- Type: Iron
- Group: IAB Complex
- Composition: 90% Fe, 9.52% Ni, 0.48% Co, 23 ppm Cr, 0.4 ppm Ir, 60.6 ppm Ga, 176 ppm Ge, 15.6 ppm As, 3.1 ppm Ru, 0.6 ppm W, 0.5 ppm Os, 2.5 ppm Pt, 302 ppm Cu, 1.4 ppm Au
- Country: Somalia
- Region: Hiran
- Coordinates: 4°17′17″N 44°53′54″E﻿ / ﻿4.28806°N 44.89833°E
- Observed fall: No
- Found date: in 2020 it was identified as a meteorite
- TKW: ~15,200 kilograms (16.8 short tons)
- Strewn field: No

= El Ali meteorite =

Somali meteorite

The El Ali meteorite (Arabic) or Ceel Cali (Somali) (known traditionally by the locals as Shiid-Birood and recently by the finders as Nightfall), literally meaning, "Ali's Well," is a 15150 kg meteorite that was known to the local population in Somalia for generations, but officially recognized as a meteorite only in 2020.

== Discovery and identification ==
El Ali was found in a limestone valley 15 kilometres north of El Ali at GPS location 4°17.281’N, 44°53.893’E in September 2020. Local pastoralists were aware of the rock for between five and seven generations, and it featured in songs, folklore, dances, and poems. The meteorite was brought to the attention of the international community by Kureym Mining and Rocks Company's staff who were prospecting for opals in the area. They identified the rock and started moving it to Mogadishu before the Somalia government intervened and released it back to the miners. The meteorite was then shipped to China where it was supposedly awaiting sale, as of November 2022.

It is an IAB meteorite.

== Mineral identification ==
In 2022, scientists from the University of Alberta identified two new minerals (elaliite and elkinstantonite) in a 70 gram piece of the meteorite. The minerals were identified by Andrew Locock, the head of the university's electron microprobe laboratory.

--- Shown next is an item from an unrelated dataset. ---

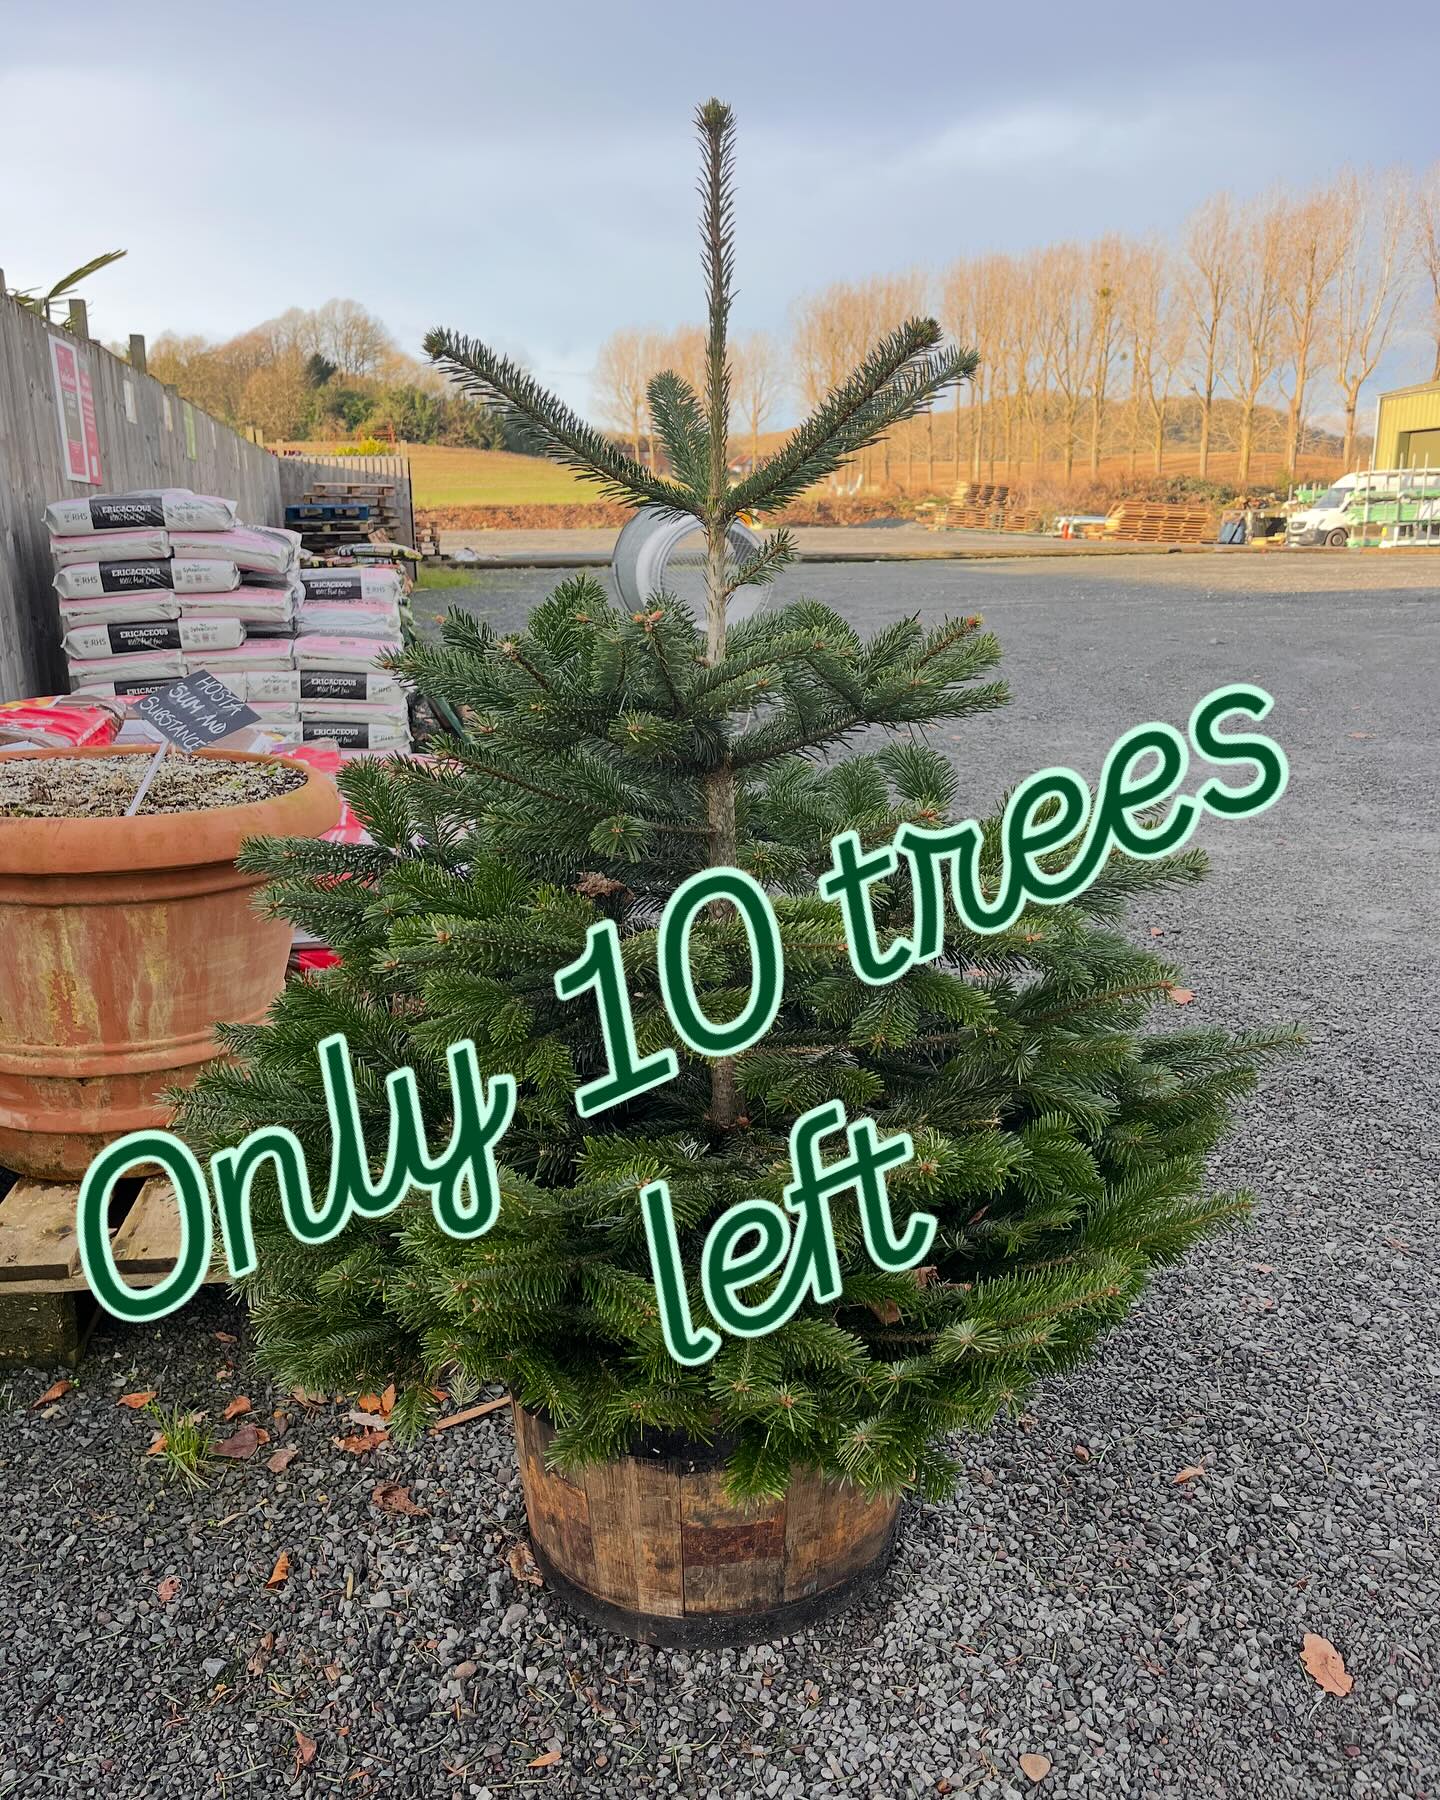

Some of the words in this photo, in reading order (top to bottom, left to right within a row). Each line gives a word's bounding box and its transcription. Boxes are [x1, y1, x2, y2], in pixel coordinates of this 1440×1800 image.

Synthetic versions of both minerals had previously been produced in a French laboratory in the 1980s, but International Mineralogical Association rules meant they could not be approved as an official mineral until they were found in a natural sample.

== Curation ==
The location of the main mass of the meteorite is uncertain; it was last recorded being shipped to China, presumably for sale. Small samples are held at the University of Arizona, the University of Alberta, and UC Los Angeles. The future of the meteorite is undecided.